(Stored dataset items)

····················

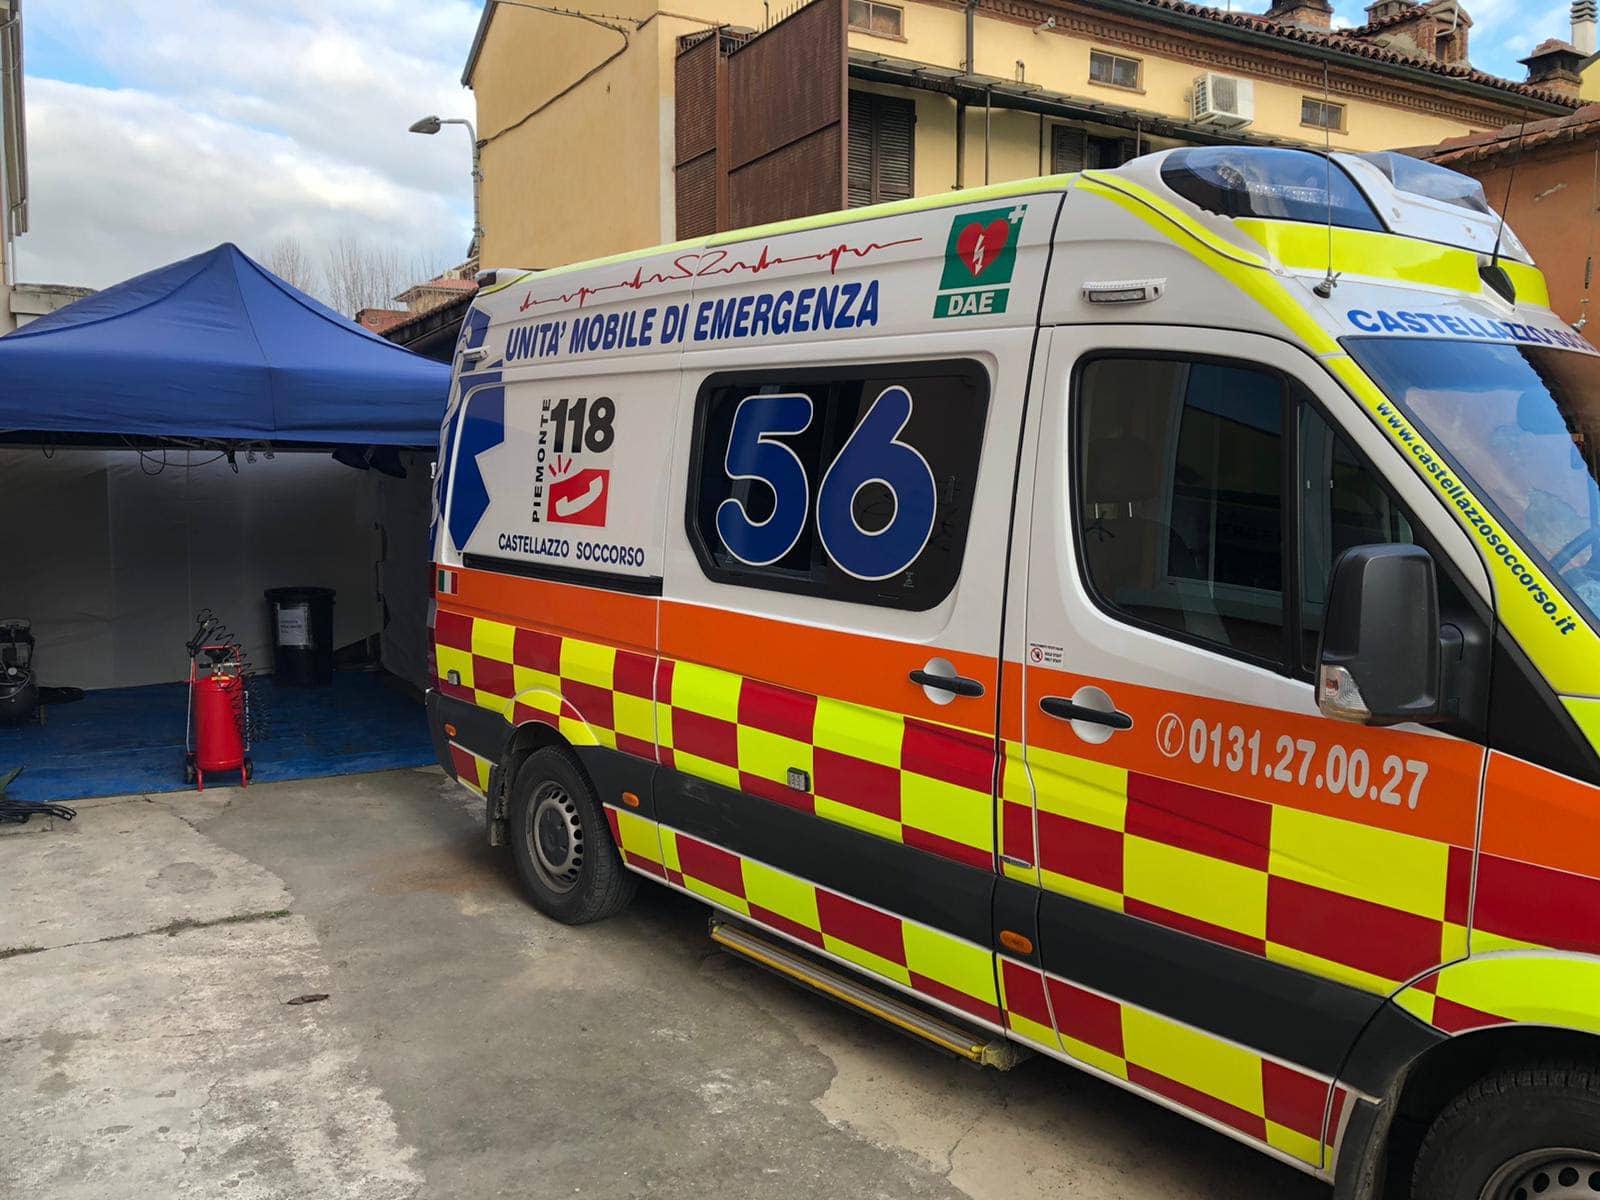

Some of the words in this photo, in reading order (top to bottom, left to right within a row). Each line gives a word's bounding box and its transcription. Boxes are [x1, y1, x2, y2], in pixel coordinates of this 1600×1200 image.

[569, 309, 656, 354] MOBILE
[660, 303, 690, 344] DI
[693, 279, 880, 341] EMERGENZA
[947, 291, 995, 316] DAE
[1347, 309, 1553, 345] CASTELLAZZO
[532, 398, 551, 523] PIEMONTE
[550, 396, 616, 453] 118
[716, 385, 937, 580] 56
[1376, 402, 1577, 636] www.castellazzosoccorso.it
[498, 533, 570, 558] CASTELLAZZO
[575, 541, 645, 567] SOCCORSO
[1188, 718, 1430, 810] 0131.27.00.27
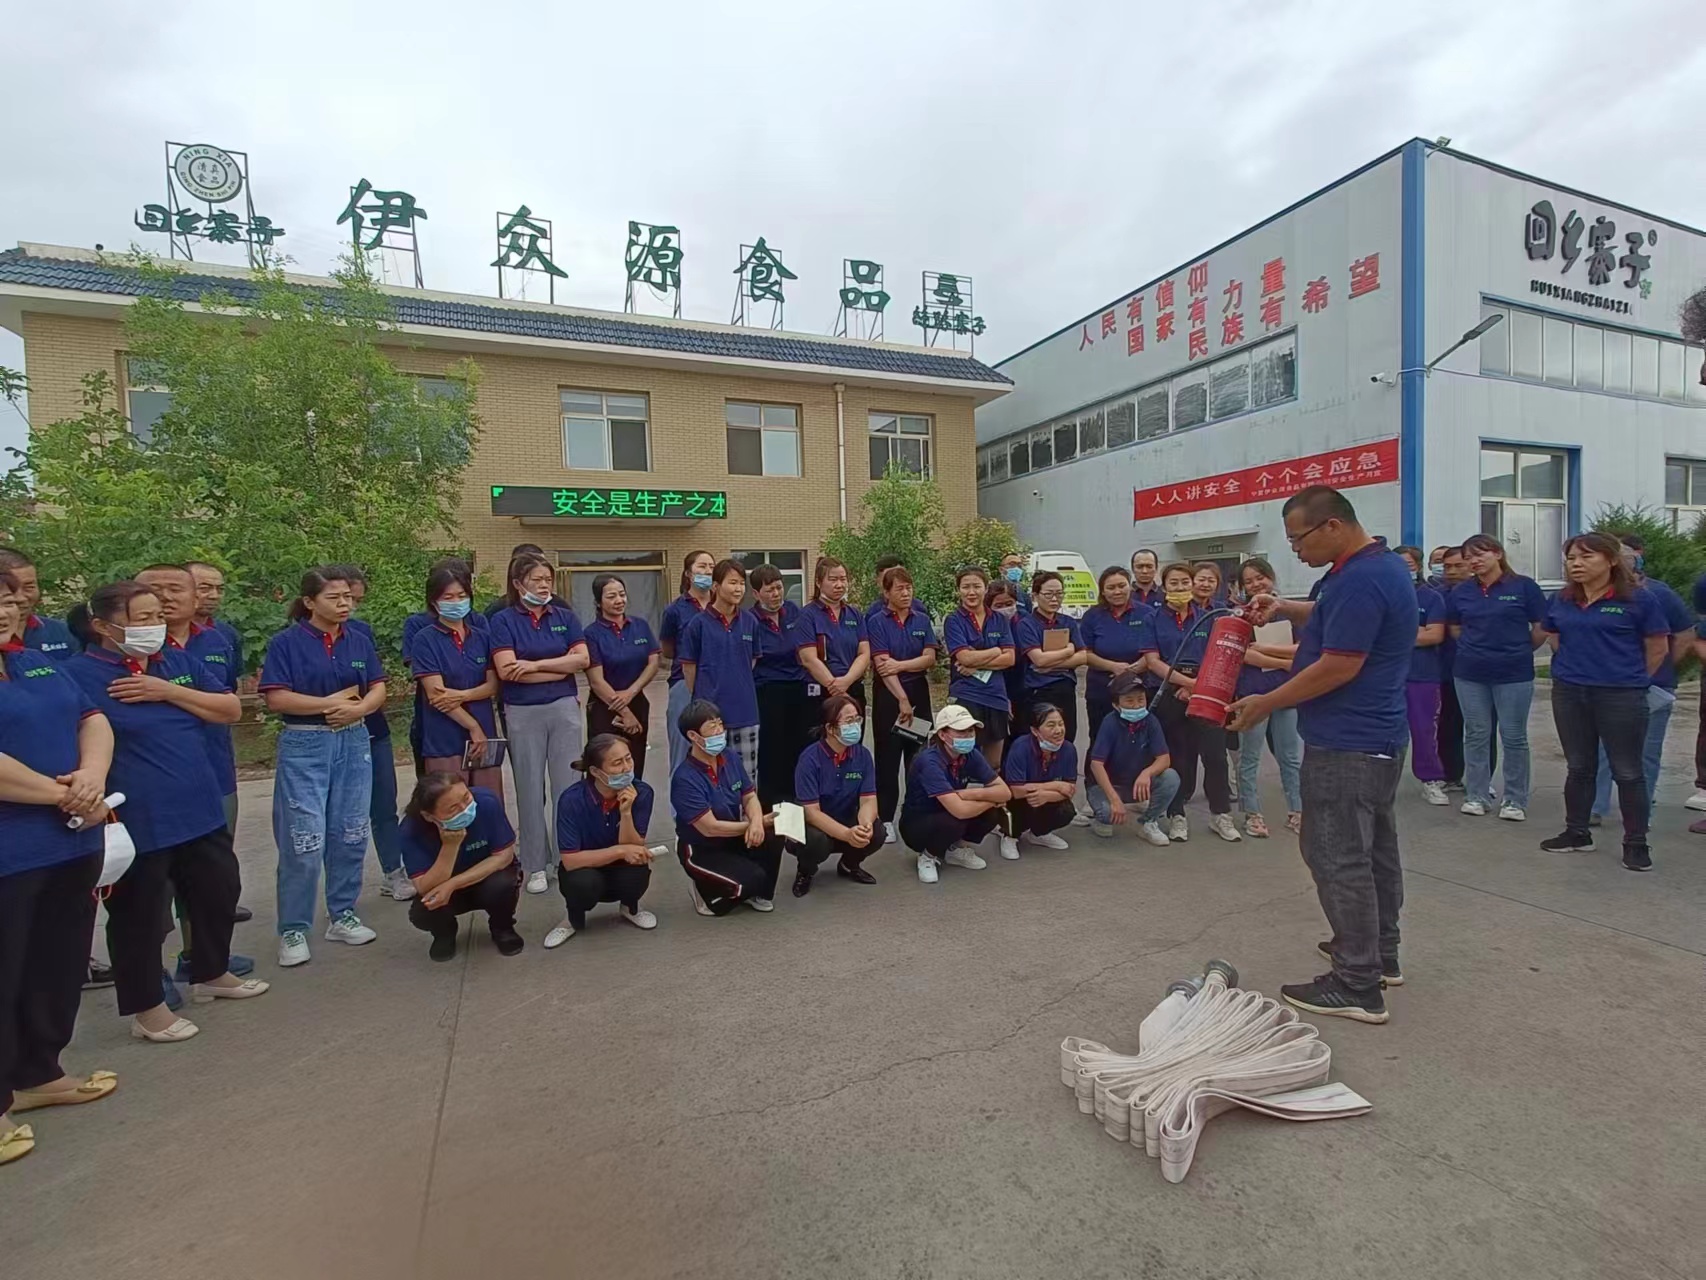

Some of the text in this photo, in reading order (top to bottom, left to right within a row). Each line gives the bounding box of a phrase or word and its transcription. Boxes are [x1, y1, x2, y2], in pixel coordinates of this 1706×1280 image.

[182, 148, 233, 168] NING XIA
[1079, 261, 1209, 352] 人民有信仰
[1127, 256, 1286, 357] 国家有力量
[1188, 252, 1382, 362] 民族有希望
[552, 489, 726, 517] 安全是生产之本
[1151, 451, 1382, 508] 人人讲安全 个个会应急

····················

ASSIGNED TASK: Every record, word for word, should be given back without its pictures.

YOUR SOLUTION:
Some of the words in this photo, in reading order (top to bottom, left to right within a row). Each line gives a word's bounding box and its transcription. Boxes are [x1, y1, x2, y2], in pixel coordinates of this 1600×1200 image.

[569, 309, 656, 354] MOBILE
[660, 303, 690, 344] DI
[693, 279, 880, 341] EMERGENZA
[947, 291, 995, 316] DAE
[1347, 309, 1553, 345] CASTELLAZZO
[532, 398, 551, 523] PIEMONTE
[550, 396, 616, 453] 118
[716, 385, 937, 580] 56
[1376, 402, 1577, 636] www.castellazzosoccorso.it
[498, 533, 570, 558] CASTELLAZZO
[575, 541, 645, 567] SOCCORSO
[1188, 718, 1430, 810] 0131.27.00.27

Some of the text in this photo, in reading order (top to bottom, left to right within a row). Each line gives the bounding box of a phrase or word and its transcription. Boxes are [x1, y1, x2, y2], in pixel coordinates of this 1706×1280 image.

[182, 148, 233, 168] NING XIA
[1079, 261, 1209, 352] 人民有信仰
[1127, 256, 1286, 357] 国家有力量
[1188, 252, 1382, 362] 民族有希望
[552, 489, 726, 517] 安全是生产之本
[1151, 451, 1382, 508] 人人讲安全 个个会应急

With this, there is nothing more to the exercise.